(218 days)
9Line patient leadwires are intended to be used to connect electrodes placed at appropriate sites on the patient to an ECG or EKG monitoring device for general monitoring and/or diagnostic evaluation by a health care professional. The device is intended for single-patient use.
9Line is comprised of multiple patient leadwires that connect electrodes affixed to the patient's body either to an external trunk cable or directly into an electrocardiogram (ECG) monitor. Each leadwire connects to a separate patient electrode. Leadwires and electrode placement are color-coded in accordance with Association for the Advancement of Medical Instrumentation (AAMI) recommendations. The device transmits ECG signals from the patient for both diagnostic and monitoring purposes.
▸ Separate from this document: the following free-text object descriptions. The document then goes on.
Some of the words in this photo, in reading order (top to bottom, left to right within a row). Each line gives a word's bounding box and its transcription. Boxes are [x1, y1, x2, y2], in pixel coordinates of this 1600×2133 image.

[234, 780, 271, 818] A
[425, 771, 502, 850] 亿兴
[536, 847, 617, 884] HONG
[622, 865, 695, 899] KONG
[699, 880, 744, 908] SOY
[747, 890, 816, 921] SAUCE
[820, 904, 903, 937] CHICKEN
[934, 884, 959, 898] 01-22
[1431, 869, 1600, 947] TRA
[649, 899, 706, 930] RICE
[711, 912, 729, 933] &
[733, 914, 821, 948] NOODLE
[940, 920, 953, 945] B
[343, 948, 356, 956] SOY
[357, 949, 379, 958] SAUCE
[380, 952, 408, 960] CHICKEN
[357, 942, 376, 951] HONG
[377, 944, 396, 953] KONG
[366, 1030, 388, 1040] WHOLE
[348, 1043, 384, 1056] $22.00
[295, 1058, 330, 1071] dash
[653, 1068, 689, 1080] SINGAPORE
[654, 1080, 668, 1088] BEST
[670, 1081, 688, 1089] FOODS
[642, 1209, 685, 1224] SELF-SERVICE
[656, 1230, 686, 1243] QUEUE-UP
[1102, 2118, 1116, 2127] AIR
This document is a 510(k) Premarket Notification for a medical device called "9Line," which consists of patient leadwires for ECG/EKG monitoring. The purpose of this notification is to establish that the 9Line device is substantially equivalent to a previously cleared predicate device (APK Technology Co.'s ECG Disposable Lead Wires, K170536).
Here's an analysis of the acceptance criteria and the study that proves the device meets them:
1. Table of Acceptance Criteria and Reported Device Performance
Since this is a substantial equivalence submission for a Class II device (patient transducer and electrode cable), the "acceptance criteria" are primarily established by demonstrating equivalence to a predicate device and adherence to recognized electrical, mechanical, and biocompatibility standards. Performance is reported in terms of compliance with these standards.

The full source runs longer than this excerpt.